Kicking Bird accepted the conditions, assuring Ten Bears that he would do everything in his power to conduct the plan in a quiet way.

This settled, they took up a more important subject.

The buffalo were way overdue.

Scouts had been ranging far and wide for days, but so far they had seen only one buffalo. That was an aging, solitary bull being torn apart by a large pack of wolves. His carcass had hardly been worth picking over.

The band’s morale was sinking along with its meager food reserves, and it would not be many days before the shortage would become critical. They’d been living on the meat of local deer, but this source was playing out fast. If the buffalo didn’t come soon, the promise of an abundant summer would be broken by the sound of crying children.

The two men decided that in addition to sending out more scouts, a dance was urgently needed. It should be held within a week’s time.

Kicking Bird would be in charge of the preparations.

two

It was a strange week, a week in which time was jumbled for the medicine man. When he needed time, the hours would fly by, and when he was intent on time passing, it would crawl, minute by minute. Trying to balance everything out was a struggle.

There were myriad sensitive details to consider in mounting the dance. It was to be an invocation, very sacred, and the whole band would be participating. The planning and delegating of various responsibilities for an event of this importance amounted to a full-time job.

Plus there were the ongoing duties of being a husband to two wives, a father to four children, and a guide to his newly adopted daughter. Added to it all were the routine problems and surprises that cropped up each day: visits to the sick, impromptu councils with drop-in visitors, and the making of his own medicine.

Kicking Bird was the busiest of men.

And there was something else, something that nipped constantly at his concentration.
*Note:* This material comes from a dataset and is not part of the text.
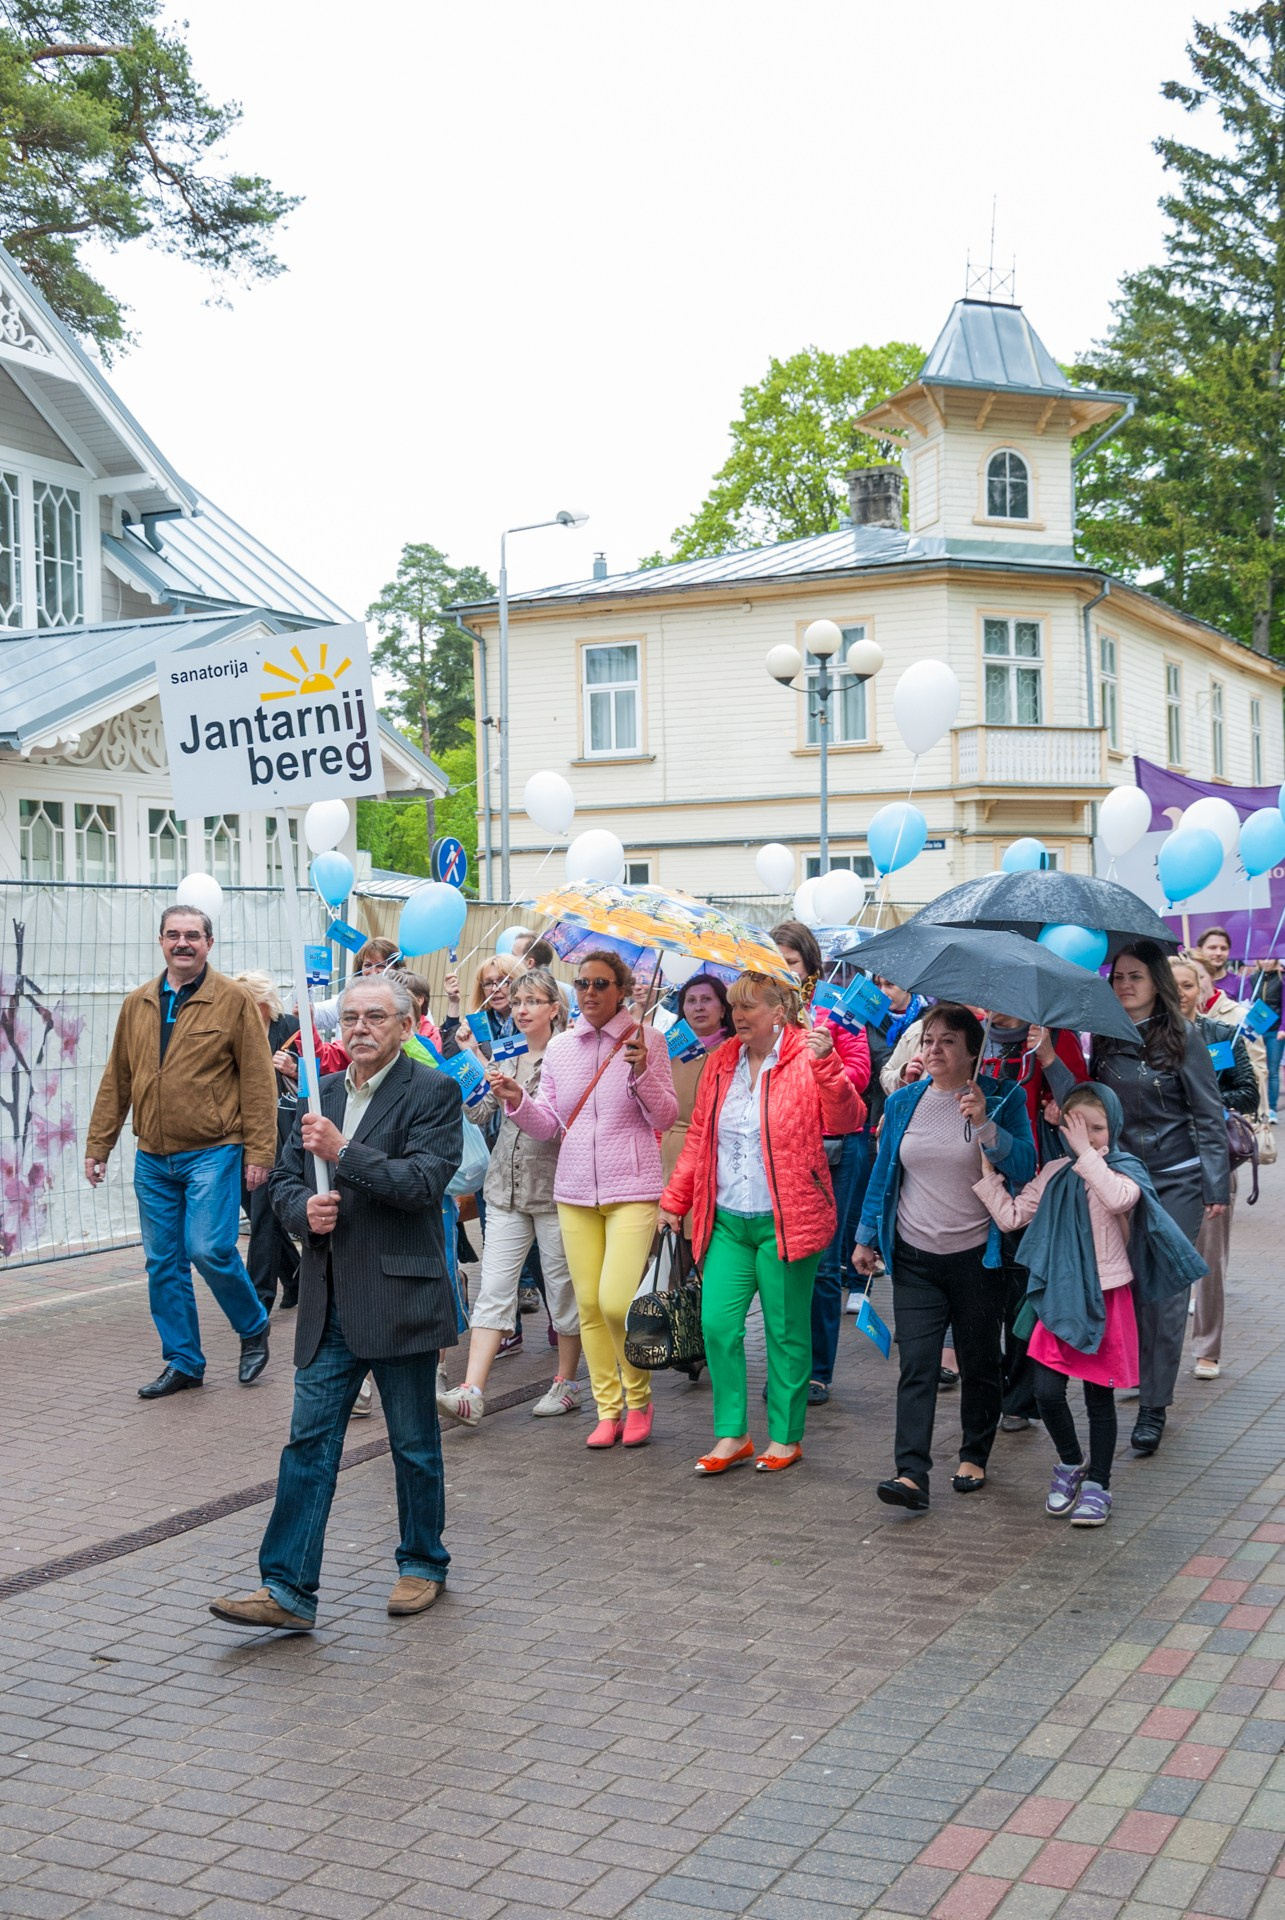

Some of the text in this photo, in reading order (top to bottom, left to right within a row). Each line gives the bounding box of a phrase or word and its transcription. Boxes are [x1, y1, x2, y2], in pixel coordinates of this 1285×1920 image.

[170, 659, 249, 685] sanatorija
[179, 688, 368, 755] Jantarnij
[247, 739, 372, 785] bereg
Like a low-grade, persistent headache, Lieutenant Dunbar preyed on his mind. Wrapped up as he was in the present, Loo Ten Nant was the future, and Kicking Bird could not resist its call. The present and the future occupied the same space in the medicine man’s day. It was a crowded time.

Having Stands With A Fist around did not make it easier for him. She was the key to his plan, and Kicking Bird could not look at her without thinking of Loo Ten Nant, an act that inevitably sent him wandering down new trails of speculative thought. But he had to keep an eye on her. It was important to approach the matter at the right time and place. She was healing fast, moving without trouble now, and had picked up the rhythm of life at his lodge. Already a favorite with the children, she worked as long and as hard as anyone in camp. When left to herself, she was withdrawn, but that was understandable. In fact, it had always been her nature.

Sometimes, after watching her a while, Kicking Bird would heave a private sigh of burden. At those times he would pull up at the edge of questions, the main one being whether or not Stands With A Fist truly belonged. But he could not presume an answer, and an answer would not help him anyway. Only two things mattered. She was here and he needed her.

By the day of the dance he still had not found an opportunity to speak to her in the way he wanted. That morning he woke with the realization that he, Kicking Bird, would have to put his plan in motion if he ever wanted it to happen.

He dispatched three young men to Fort Sedgewick. He was too busy to go himself, and while they were gone he would find a way to have a talk with Stands With A Fist.

Kicking Bird was spared the drudgery of manipulation when his entire family set off on an expedition to the river at midmorning, leaving Stands With A Fist behind to dress out a fresh-shot deer. Kicking Bird watched her from inside the lodge. She never looked up as the knife flew along in her hand, peeling away hide with the same ease that tender flesh falls away from the bone. He waited until she paused in her work, taking a few moments to watch a group of children playing tag in front of a lodge across the way.